Should we continue to invest in China and India? Where is the US economy headed in 2008? What is the U.S. dollar forecast for 2008? New York Times best selling author and founder of the Daily Reckoning, Bill Bonner, remarks on the demise of the dollar, its impact on other world economies, and reveals who is in line to overtake the US prime position.
The following transcript was taken from Daily Reckoning founder Bill Bonner’s appearance on TFN Smart Investing with Krista Das filmed on December 17, 2007. You can also see a video of this interview with Bill Bonner over at Today’s Financial News.
Krista Das: Over the past five years, the value of the U.S. dollar has declined dramatically against currencies like the euro, the British pound and the Canadian dollar. Analysts and commentators have blamed the U.S. twin deficits for the decline, as well as record levels of public and private debt in the United States.
While some like to look at current conversion rates in the context of decennial economic cycles, an increasing number of experts consider this development an indication of the impending end of fiat currency in general and of the demise of the U.S. dollar as a mainstay of global financial transactions in particular.
My guest today is William Bonner, founder of Agora, Inc., author of such financial bestsellers as The Financial Reckoning Day and celebrity contributor to The Daily Reckoning. Welcome to Market Insights, Bill.
Bill Bonner: Thank you.
Krista Das: So tell us, you have been predicting the demise of the dollar for years now. Do you have a U.S. dollar forecast for 2008?
Bill Bonner: Well, it’s hard to know. In fact, I’m not really a currency analyst at all. I’m more of a fundamental analyst. In looking at the dollar from a long-term standpoint, it’s almost sure that the dollar is going to decline, and someday, go where all paper currency goes, which is to money heaven. That is to say it’s going to die.
But the U.S. dollar forecast for 2008 is very, very hard to predict. It depends on what you think is going to happen in the world at large. What I think is that there is going to be a continuation of the credit crunch. I think that we’ve reached the top, and in fact, that we are past the top of the credit expansion that began more than 25 years ago.

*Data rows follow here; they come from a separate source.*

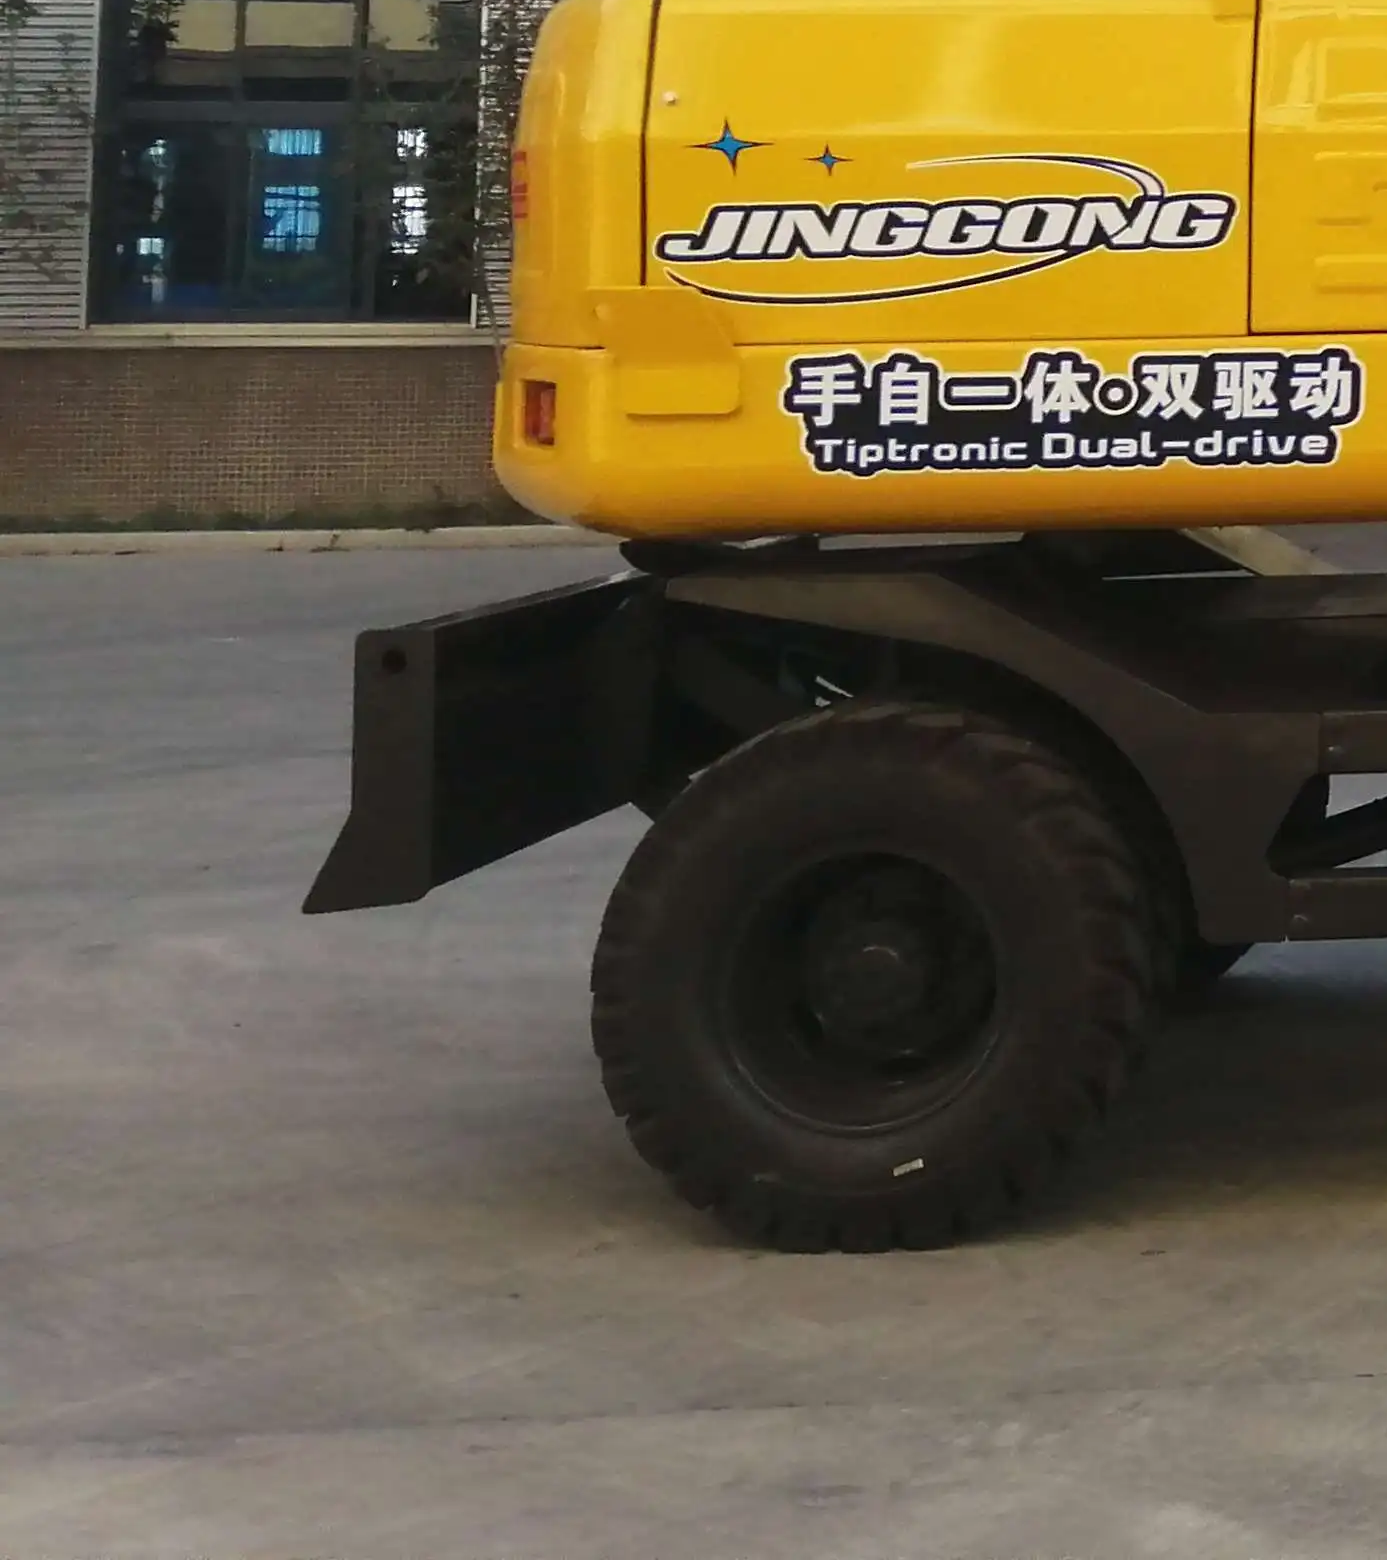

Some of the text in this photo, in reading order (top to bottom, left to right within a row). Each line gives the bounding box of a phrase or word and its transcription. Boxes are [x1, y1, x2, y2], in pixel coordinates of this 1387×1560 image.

[661, 197, 1233, 258] JINGGONG
[813, 431, 1330, 469] Tiptronic Dual-drive
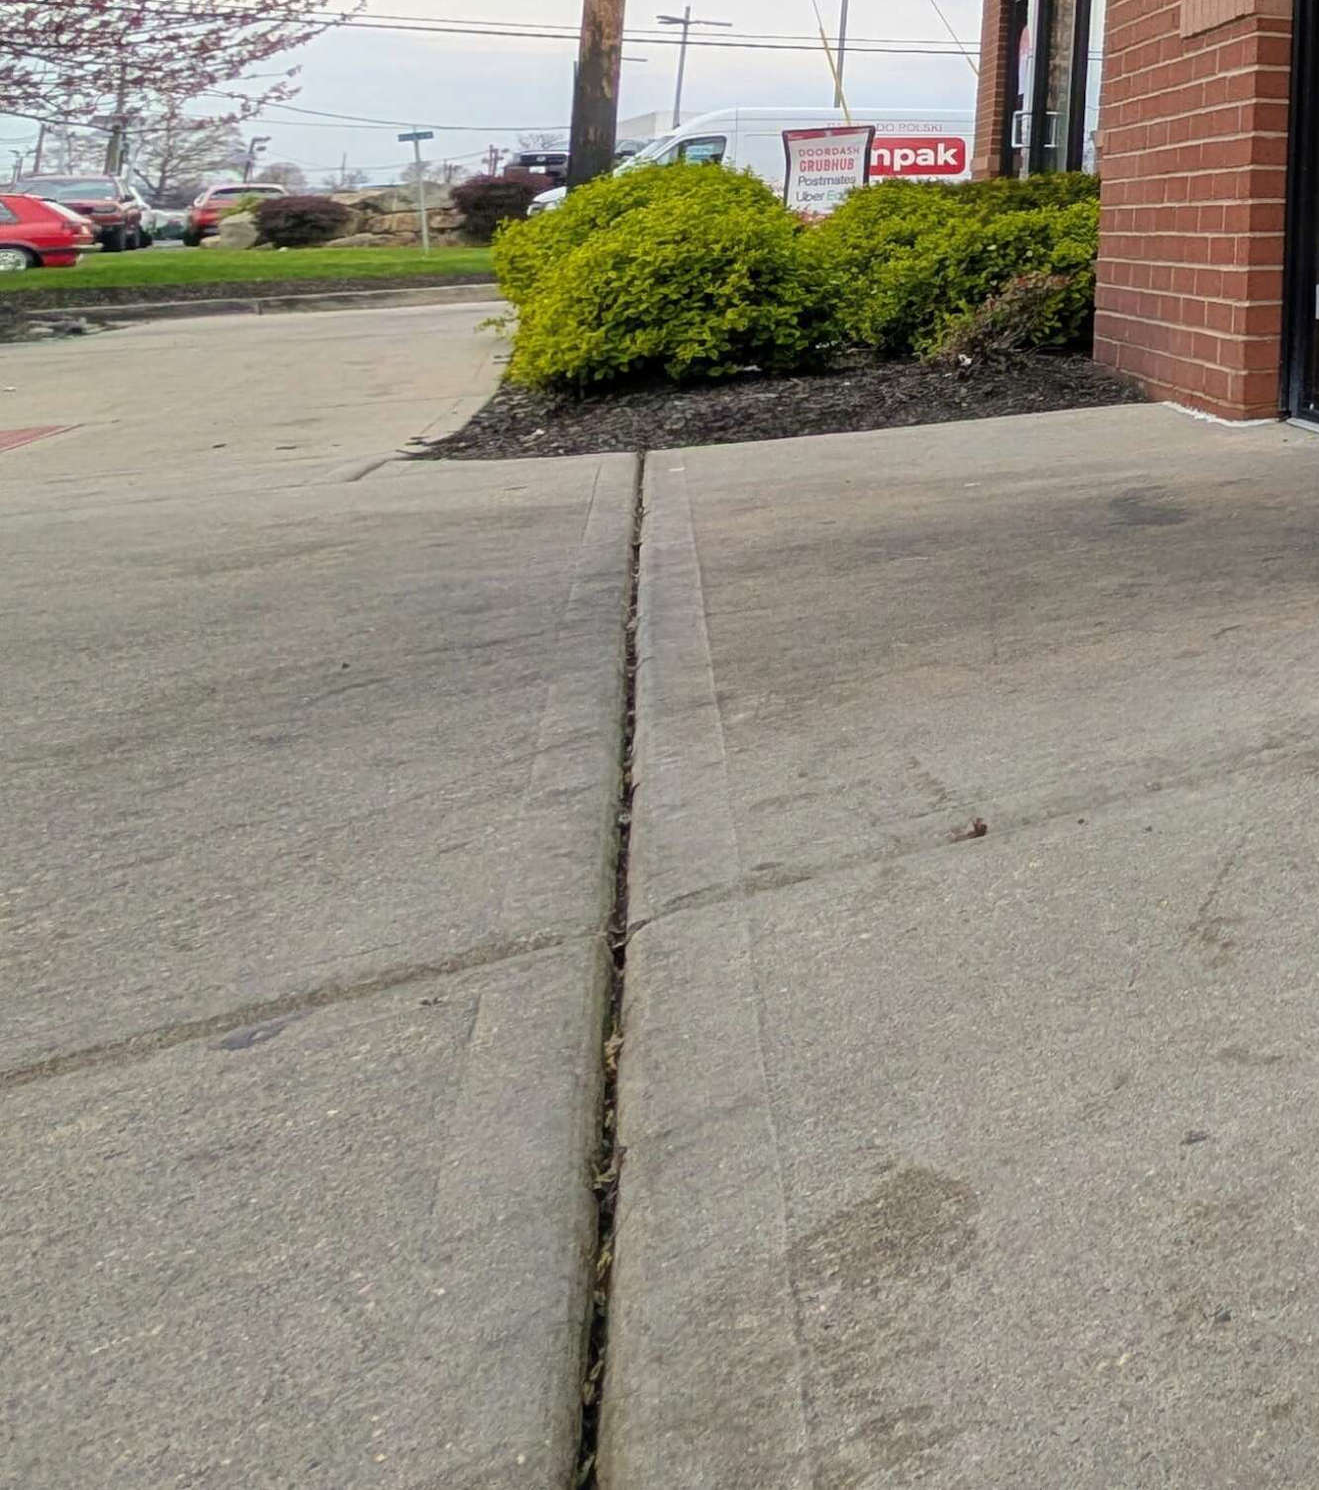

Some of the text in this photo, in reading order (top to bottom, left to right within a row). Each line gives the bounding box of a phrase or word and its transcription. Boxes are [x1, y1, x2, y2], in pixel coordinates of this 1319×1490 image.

[798, 146, 860, 157] DOORDASH
[799, 158, 855, 172] GRUBHUB
[798, 174, 856, 187] Postmates
[796, 190, 847, 202] Uber Ea
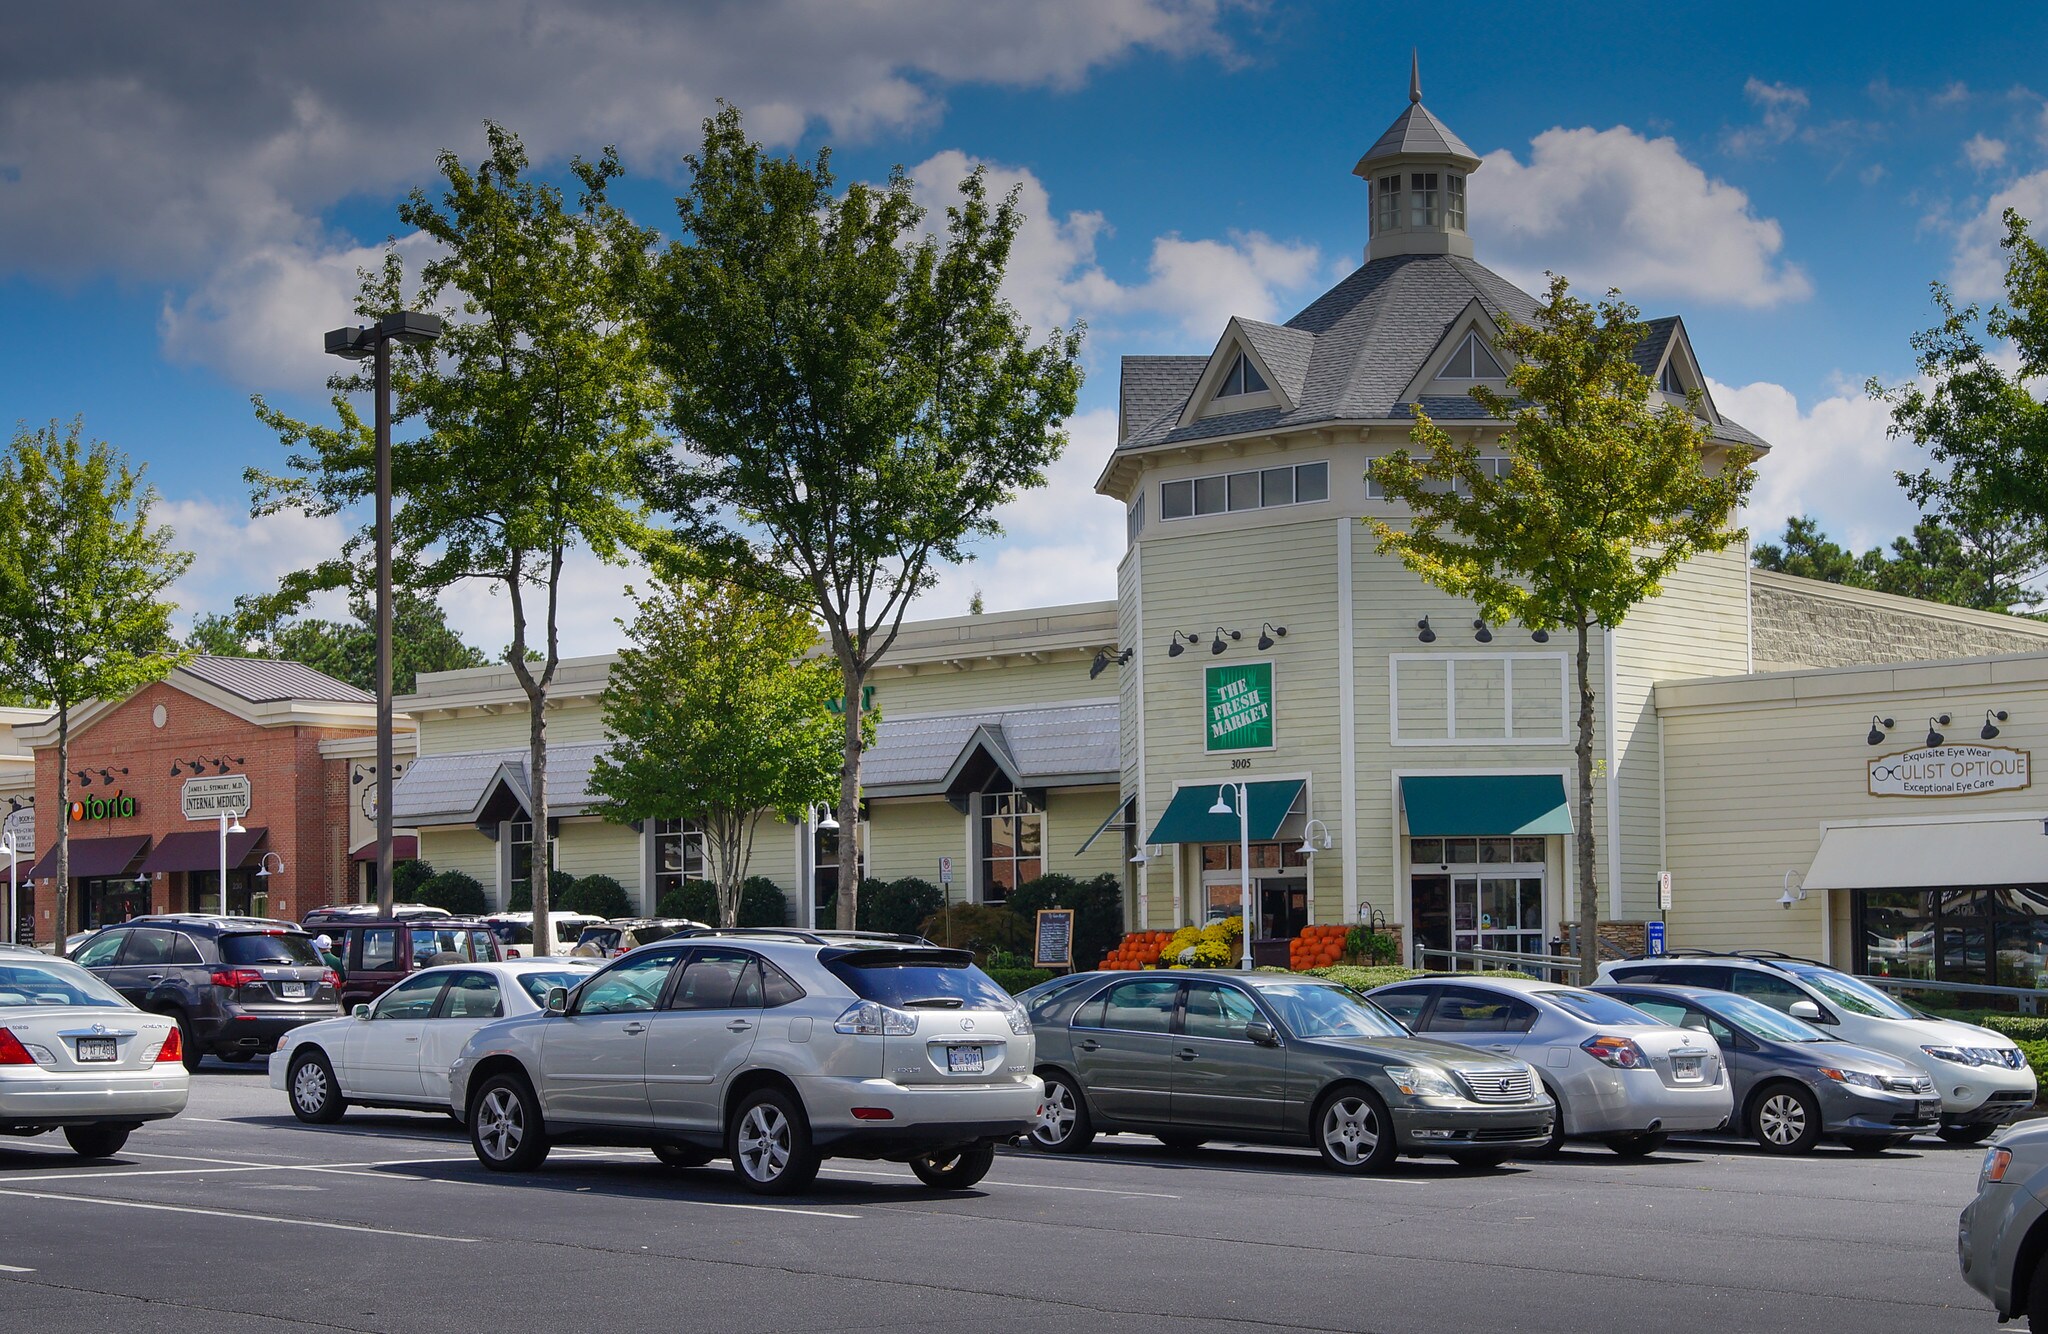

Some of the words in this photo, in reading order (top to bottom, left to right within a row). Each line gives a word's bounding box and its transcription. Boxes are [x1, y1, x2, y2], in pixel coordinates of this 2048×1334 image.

[1217, 677, 1248, 701] THE
[1212, 689, 1261, 721] FRESH
[1211, 702, 1268, 738] MARKET
[1903, 749, 1945, 763] Exquisite
[1947, 748, 1965, 758] Eye
[1966, 747, 1992, 757] Wear
[1230, 758, 1251, 769] 3005
[1950, 759, 2025, 778] OPTIQUE
[1903, 782, 1955, 794] Exceptional
[1956, 782, 1973, 793] Eye
[1973, 779, 1995, 790] Care
[186, 796, 215, 811] INTERNAL
[216, 794, 246, 809] MEDICINE
[1953, 905, 1976, 916] 300
[949, 1053, 959, 1065] CE
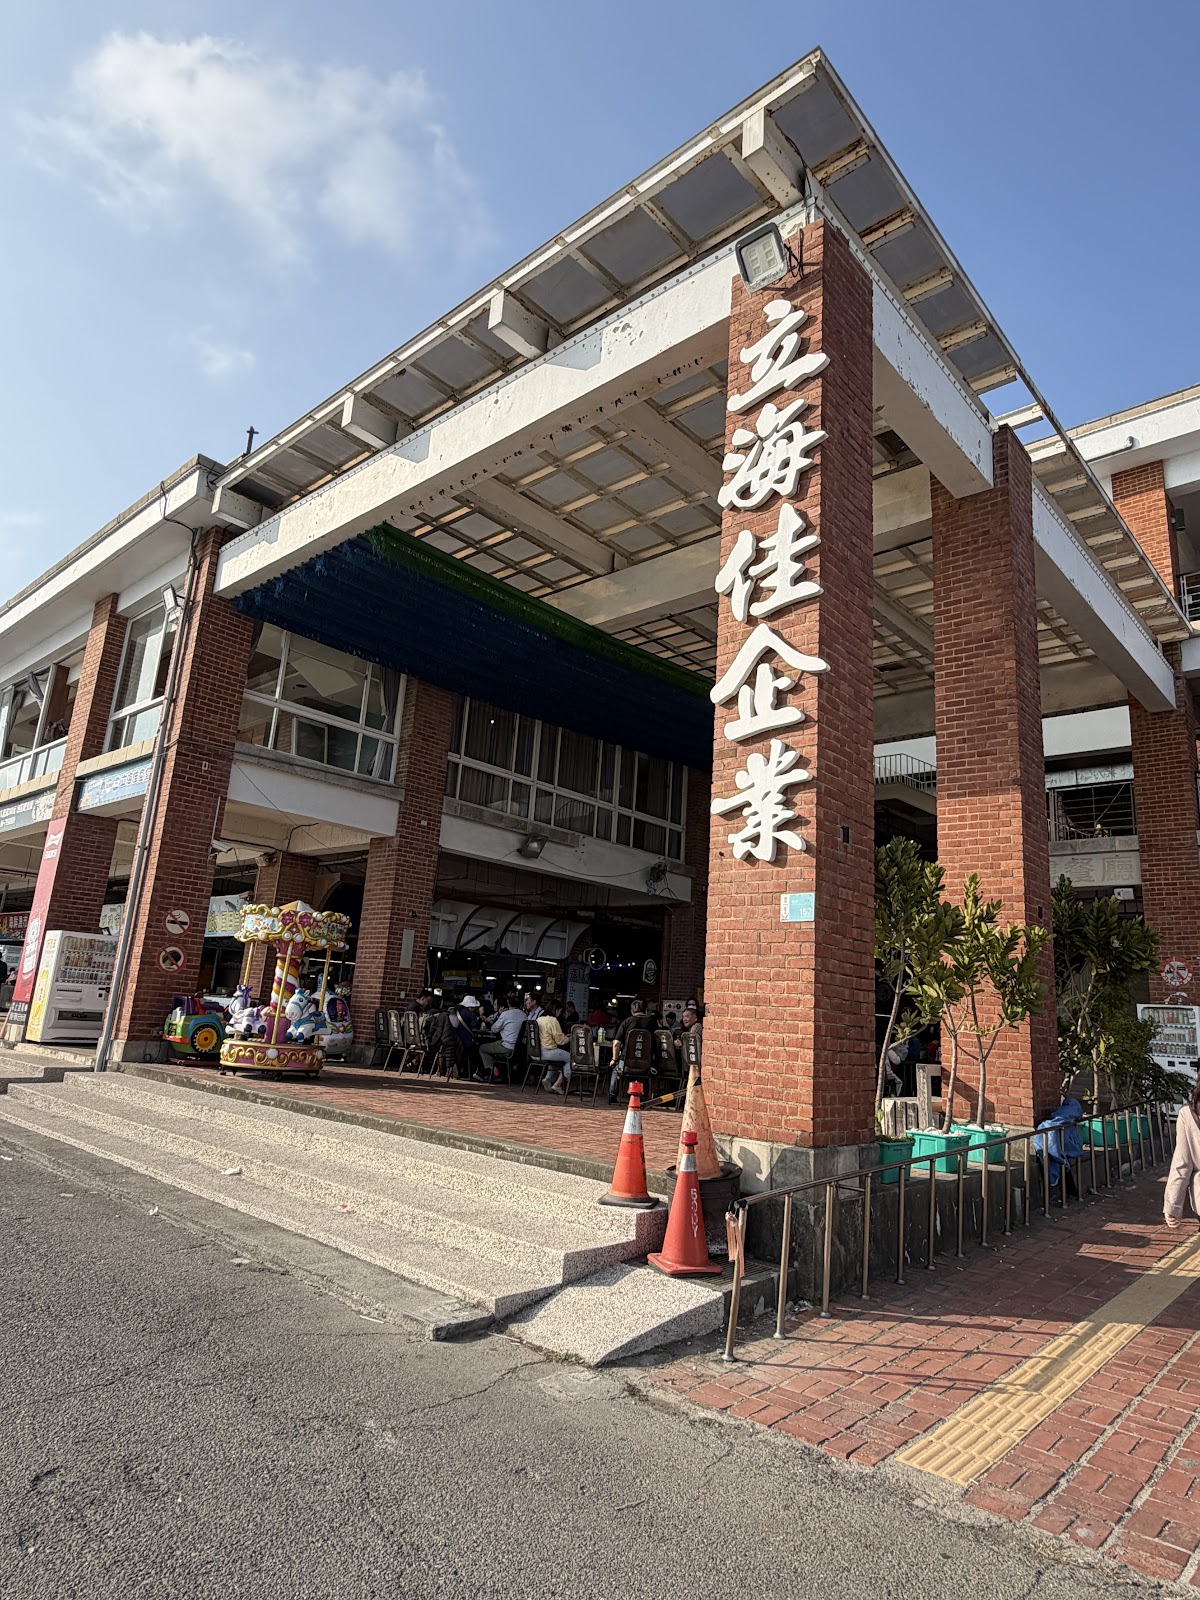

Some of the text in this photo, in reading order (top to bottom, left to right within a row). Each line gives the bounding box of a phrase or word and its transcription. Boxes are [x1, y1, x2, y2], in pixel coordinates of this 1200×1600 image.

[710, 299, 831, 862] 立海佳企業

So we’re looking at a major, major top and a major, major turning point in which, now, you could expect asset prices to start down. And if that’s true, you’re going to see a lot of people who are going to need dollars. They’re going to need currency to pay their bills. The credit expansion pushed up the level of debt all throughout the system, not just in the U.S. but worldwide.
A lot of those debts, most of those debts, are calibrated in dollars so that when people go to pay off the debts, they have to come up with real money. And so I think what we’re going to see in 2008 is the first stage of a credit decline, and that’s going to mean that people are going to need dollars. They’re going to want dollars, and the price of the dollar is probably not going to go down too much. But again, I’m purely speculating on this.
Krista Das: Well, let’s talk about the dollar versus the euro for a moment. Economists, like the German Peter Bofinger, are critical of U.S. monetary policy, and yet they like to look at the global financial system as more dynamic and more interdependent. How do you think the Europeans will react to an exchange rate of $1.60 or worse to the euro?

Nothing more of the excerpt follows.